À gauche, les Suisses, à droite, les Français. Photo@MichelSmith

À gauche, les Suisses, à droite, les Français. Photo@MichelSmith

Cinq Mondeuses Suisses, cinq Françaises, toutes goûtées à l’aveugle bien entendu, toutes classées au final dans un ordre très protocolaire : une Française, une Suisse, etc. alors que l’ordre de présentation à la dégustation était aléatoire (il pouvait y avoir deux Suisses de suite). Et la gagnante fut : la Mondeuse 2010 « Quintessence » de Philippe Héritier, vigneron en bio et éleveur d’escargots au Domaine des Orchis en Savoie. Ce vin n’était pas classé premier de mon côté (je l’avais mis en troisième position), mais j’avais noté sa finesse, sa structure bien présente, ses notes de petits fruits rouges fins, ses superbes et élégants tannins de cuir. Ensuite, pour la seconde place, la quasi unanimité s’est faite autour du vin présenté en quatrième position. Il s’agit de la Mondeuse 2012 du Domaine Mermoud sis dans le canton de Genève, tout près de notre lieu de dégustation : belle robe violine, nez épicé, boisé, puissance en attaque, très joli fruit, beaux tannins, mais boisé un peu trop dominant à mon goût. Le Château de Mérande de Yann Pernuit, cuvée « La Noire » 2011 est arrivé troisième du « concours ». J’ai relevé une robe sombre, presque opaque, un nez franc purée de cassis, laurier, très serré en bouche, belle finale sur le fruit et je l’avais classé cinquième pour ma part, ayant, je le reconnais après coup, été un peu trop sévère au moment d’établir un classement. Il faut dire à ma décharge que ce classement s’est opéré trop vite – les membres du jury avaient faim… – laissant peu de temps à la réflexion.
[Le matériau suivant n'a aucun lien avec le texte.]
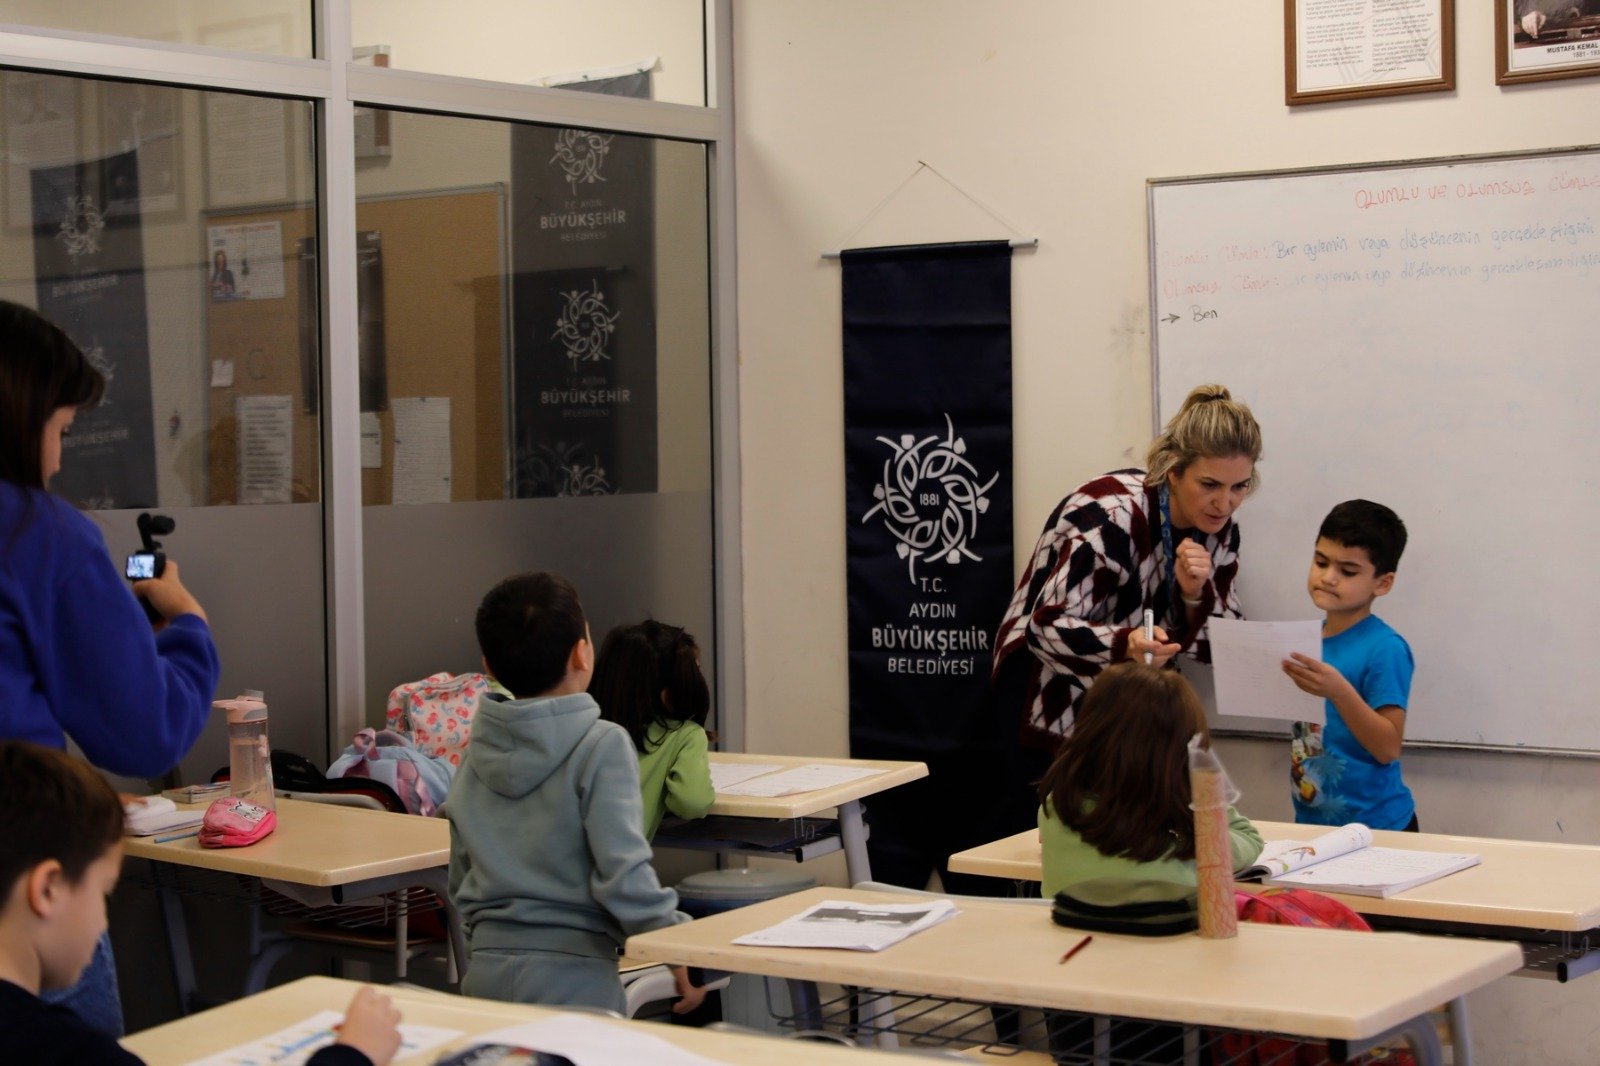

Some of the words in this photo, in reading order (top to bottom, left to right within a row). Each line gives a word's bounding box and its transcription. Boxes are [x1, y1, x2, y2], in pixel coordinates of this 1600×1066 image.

Les vainqueurs, dans l'ordre, de gauche à droite. Photo@MichelSmith

Les vainqueurs, dans l’ordre, de gauche à droite. Photo@MichelSmith

Heureusement, les participants avaient amené du renfort pour le dîner. Michel Grisard, par exemple, était venu avec une superbe Mondeuse 1989 de son Domaine du Prieuré Saint-Christophe. Mais comme ce voyage est fort long à narrer, histoire de vous faire saliver, je vous en dirai plus un de ces prochains jeudis sur d’autres Mondeuses (et d’autres cépages rouges) de choix. En attendant, la semaine prochaine, je vous ferai part de mes retrouvailles avec les blancs de la région. De belles surprises en perspective car, des deux côtés de la frontière, les vignerons de talents ne manquent pas.

Michel Smith

Le vainqueur, un Savoyard. Photo@MichelSmith

Le vainqueur, un Savoyard. Photo@MichelSmith

Pour info…

L’ami Franck Merloz édite Roussette In The Pocket, un petit guide perso de ses bonnes adresses vigneronnes. Vous pouvez le télécharger ici : http://www.irwt.fr/roussette-in-the-pocket

* L’équipe de Suisse comprenait :

-Pierre Thomas, Journaliste: www.thomasvino.ch

-Richard Pfister, Œnologue, www.oenoflair.ch

-Catherine Cornu, www.vinvitation.ch

-José Vouillamoz, Botaniste, Généticien, Ampélologue

-Stéphane Meier, www.vinvitation.ch

* L’équipe de France :

-Caroline Daeschler, Sommelière, consultante, blogueuse (http://motsetvins.e-monsite.com/)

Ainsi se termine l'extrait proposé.